Did you ever ask yourself what happens to medical waste once the workers picked it up? Where does this waste go once it is collected? More importantly, what are the risks associated with improper disposal?

Biohazardous waste or medical waste is waste that contains potentially infectious materials. However hospitals and doctors’ offices usually have it. Anywhere that blood, fluids, tissues, or byproducts are present you can find hazardous waste. Tattoo salons, veterinary practices, assisted living facilities, labs, and even funeral shops are the places where you can find them.

In case you are at hospital, or other facility that deals with hazardous waste you can see the containers that collect medical waste. There you can see red bags, sharps containers, and biohazardous receptacles. This waste isn’t taken out with the regular trash at the end of the day. Biohazardous waste is dealt with according to specific laws and regulations to prevent the spread of infection and to protect the environment from contamination.

Incineration and autoclaving are the two primary methods to deal with biohazardous waste once people disposed them in properly-labeled medical waste packaging. The  next step depends on the waste itself when a licensed hauler retrieves the materials.
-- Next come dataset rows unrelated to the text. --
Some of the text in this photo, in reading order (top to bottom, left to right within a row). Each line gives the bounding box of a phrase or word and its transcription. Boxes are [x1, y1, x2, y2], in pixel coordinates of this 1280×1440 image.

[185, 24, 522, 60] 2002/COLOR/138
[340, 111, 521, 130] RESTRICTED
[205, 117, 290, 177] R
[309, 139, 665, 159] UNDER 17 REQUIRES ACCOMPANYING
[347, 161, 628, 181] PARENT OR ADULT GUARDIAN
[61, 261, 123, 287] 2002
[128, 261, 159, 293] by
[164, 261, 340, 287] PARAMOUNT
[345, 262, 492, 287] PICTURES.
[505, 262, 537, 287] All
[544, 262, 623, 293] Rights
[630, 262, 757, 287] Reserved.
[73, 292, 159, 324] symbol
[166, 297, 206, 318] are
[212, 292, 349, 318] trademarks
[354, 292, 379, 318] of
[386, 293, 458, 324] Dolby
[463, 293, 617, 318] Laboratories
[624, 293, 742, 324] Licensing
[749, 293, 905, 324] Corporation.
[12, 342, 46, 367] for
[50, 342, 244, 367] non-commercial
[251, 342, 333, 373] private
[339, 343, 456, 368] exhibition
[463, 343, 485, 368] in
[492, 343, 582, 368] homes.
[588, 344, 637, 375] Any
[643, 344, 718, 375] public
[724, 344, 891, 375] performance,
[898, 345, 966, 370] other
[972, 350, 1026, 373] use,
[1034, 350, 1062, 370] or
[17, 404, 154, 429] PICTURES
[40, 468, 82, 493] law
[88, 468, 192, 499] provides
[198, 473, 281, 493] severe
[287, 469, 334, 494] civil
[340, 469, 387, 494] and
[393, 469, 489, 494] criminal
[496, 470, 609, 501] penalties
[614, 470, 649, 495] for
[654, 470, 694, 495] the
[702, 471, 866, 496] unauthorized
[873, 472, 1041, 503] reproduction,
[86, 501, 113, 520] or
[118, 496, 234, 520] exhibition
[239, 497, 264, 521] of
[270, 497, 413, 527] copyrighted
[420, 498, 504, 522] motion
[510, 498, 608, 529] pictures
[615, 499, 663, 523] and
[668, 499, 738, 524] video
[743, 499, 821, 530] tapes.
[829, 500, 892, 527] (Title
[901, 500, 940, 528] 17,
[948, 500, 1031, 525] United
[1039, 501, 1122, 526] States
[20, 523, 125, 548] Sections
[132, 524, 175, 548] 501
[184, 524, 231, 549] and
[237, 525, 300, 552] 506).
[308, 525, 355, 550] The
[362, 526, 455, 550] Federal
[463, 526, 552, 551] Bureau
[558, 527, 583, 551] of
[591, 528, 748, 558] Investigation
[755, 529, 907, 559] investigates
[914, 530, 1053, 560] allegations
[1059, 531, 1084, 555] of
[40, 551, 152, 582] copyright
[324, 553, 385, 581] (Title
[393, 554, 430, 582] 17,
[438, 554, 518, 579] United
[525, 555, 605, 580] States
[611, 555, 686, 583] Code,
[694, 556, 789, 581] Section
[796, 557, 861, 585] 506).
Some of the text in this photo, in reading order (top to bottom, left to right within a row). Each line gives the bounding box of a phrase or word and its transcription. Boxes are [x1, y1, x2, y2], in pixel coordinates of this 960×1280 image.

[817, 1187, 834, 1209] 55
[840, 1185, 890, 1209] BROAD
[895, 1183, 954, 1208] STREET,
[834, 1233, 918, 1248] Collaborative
Incineration is essentially the burning of medical waste in a controlled manner and in a dedicated incinerator. Incineration reduces what goes into landfills, the waste is completely sterilized, the volume is reduced, and is kept out of the physical environment.


The process uses moist heat to sterilize various medical wastes from medical instruments, applicators, and other items that contain microorganisms. Autoclaving is a much different process. During the sterilizing process, steam is continuously entering the autoclave to thoroughly kill all dangerous microorganisms. Autoclaving still has limitations. It does not take care of hazardous materials like chemical waste and pharmaceutical waste.

Other methods of medical waste disposal include mechanical or chemical disinfection, microwave treatments, and irradiation.

Licensed medical waste haulers collect medical waste. As this waste disposal is closely monitored and regulated in most states. Before the specialists recycle or thrown the wastes away, it must be treated and rendered harmless. Our organization takes care of your disposal to mitigate risk, maintain compliance, and keep communities safe. Contact us today!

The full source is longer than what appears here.